Ever since Trump had entered the White House, he has done a 180 on a lot of promises: cutting social security and medicare, prolonging the war in Afghanistan, not providing health care coverage for all, flipping a middle finger to LGBT rights, increasing defense spending while cutting virtually every other government department to tackle the conservative demon that is ‘regulation’ and so on.

But from all his big words and famous statements: ‘build the wall’, ‘crooked Hillary’ and so forth, one quote comes to mind: ‘drain the swamp’.

7 months later, his cosy relationship to big business elites and CEO’s could not be anymore comfortable. From his ‘attempts’ to fight big pharma, cutting back Obama-era climate policies to serve the fossil fuel industry and to signing a $110 billion arms deal with Saudi Arabia, it’s clear at this stage he isn’t draining the swamp, but adding toxic waste to it. One place in particular he flaunts his establishment colors however is the classic staple of Reaganomics: tax giveaways.

Around a month ago, Donald Trump and Foxconn (worlds largest contract electronics manufacturer) CEO Terry Gou announced a $10 billion deal over 4 years that would bring an LCD production plant to Wisconsin in an effort to boost jobs. The Wisconsin state assembly voted 59–30 to approve it, and will now move forward to a state senate vote sometime soon. The deadline for the vote is September 30th.

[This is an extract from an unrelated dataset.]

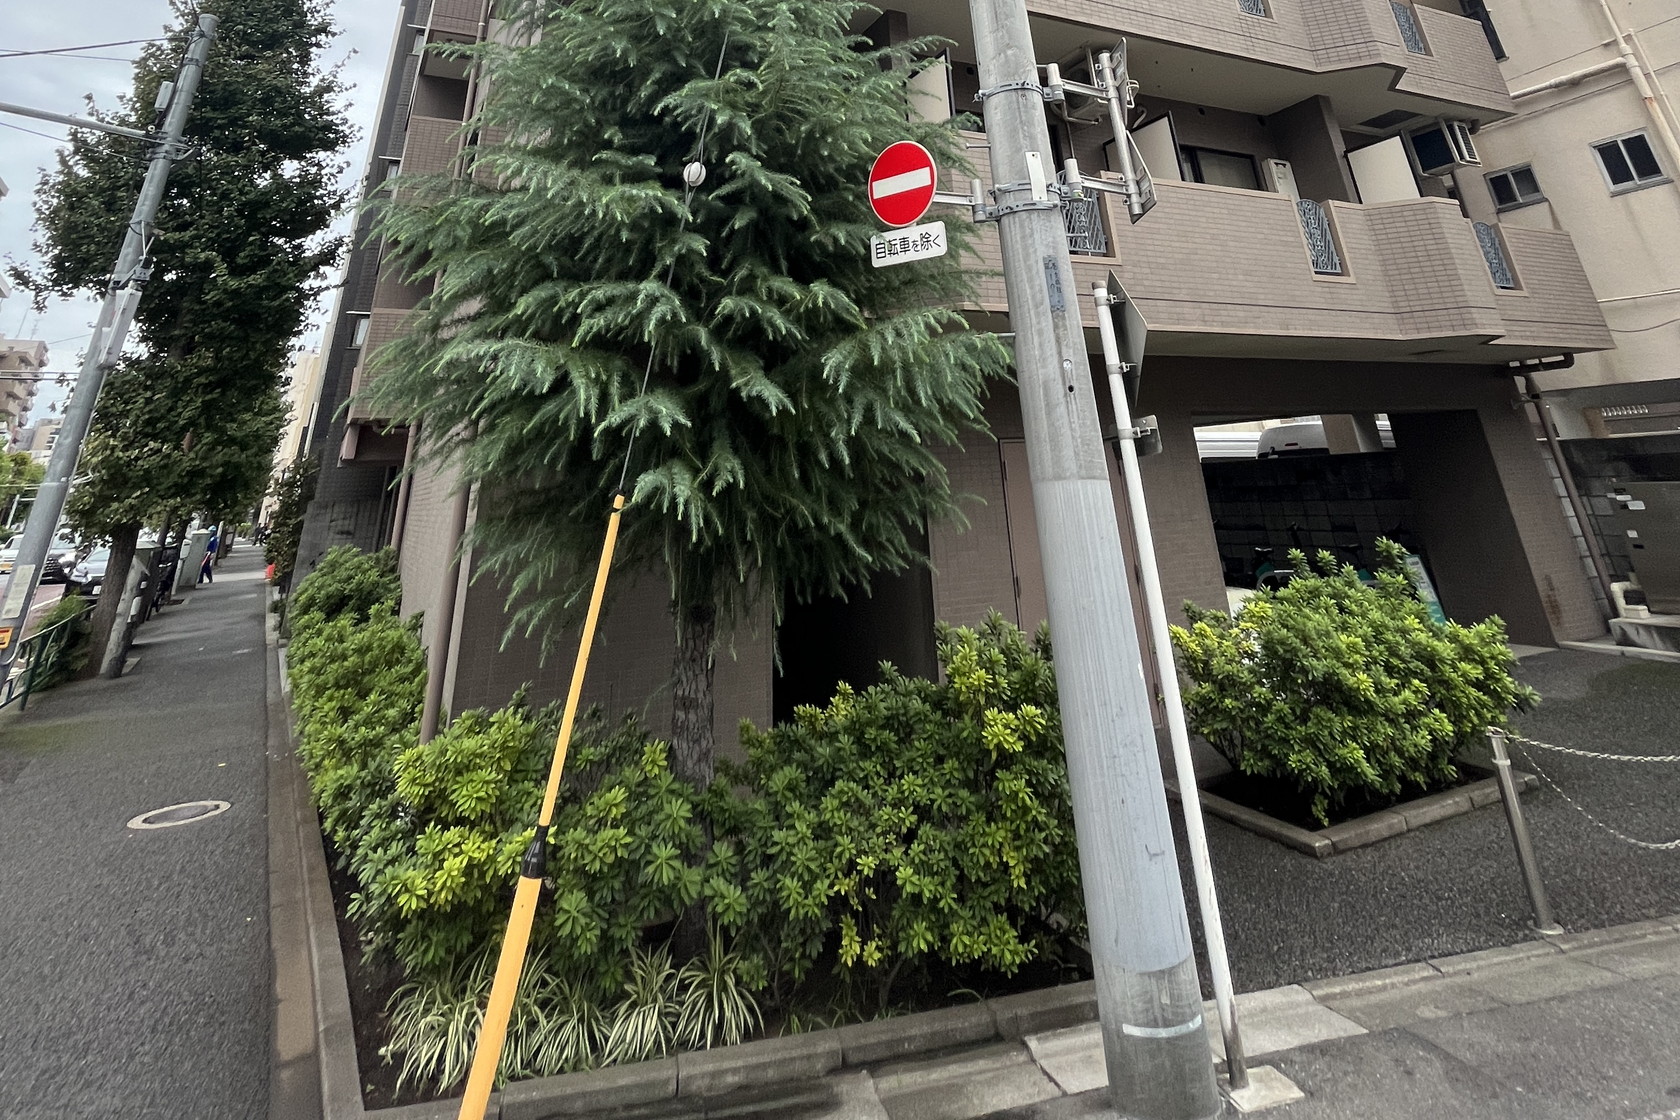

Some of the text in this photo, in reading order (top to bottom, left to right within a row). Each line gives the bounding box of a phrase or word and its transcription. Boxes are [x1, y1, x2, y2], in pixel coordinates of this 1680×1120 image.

[875, 232, 941, 259] 自転車を除く

It sounds good on paper; Trump after all promised to bring manufacturing industries back to America and make them stay there (and Foxconn does make parts for Apple), and it is estimated to create between 3,000–13,000 jobs. But there’s a catch.

The Wisconsin taxpayer would have to give out $3 billion in tax subsidies to Mr.Gou.

The subsidy package was negotiated by Wisconsin Governor Scott Walker. The subsidy itself according to the Chicago Tribune includes:

“…tax credits based on jobs created and capital investment, exemptions from environmental regulations and exemptions from state and local sale taxes on construction materials.”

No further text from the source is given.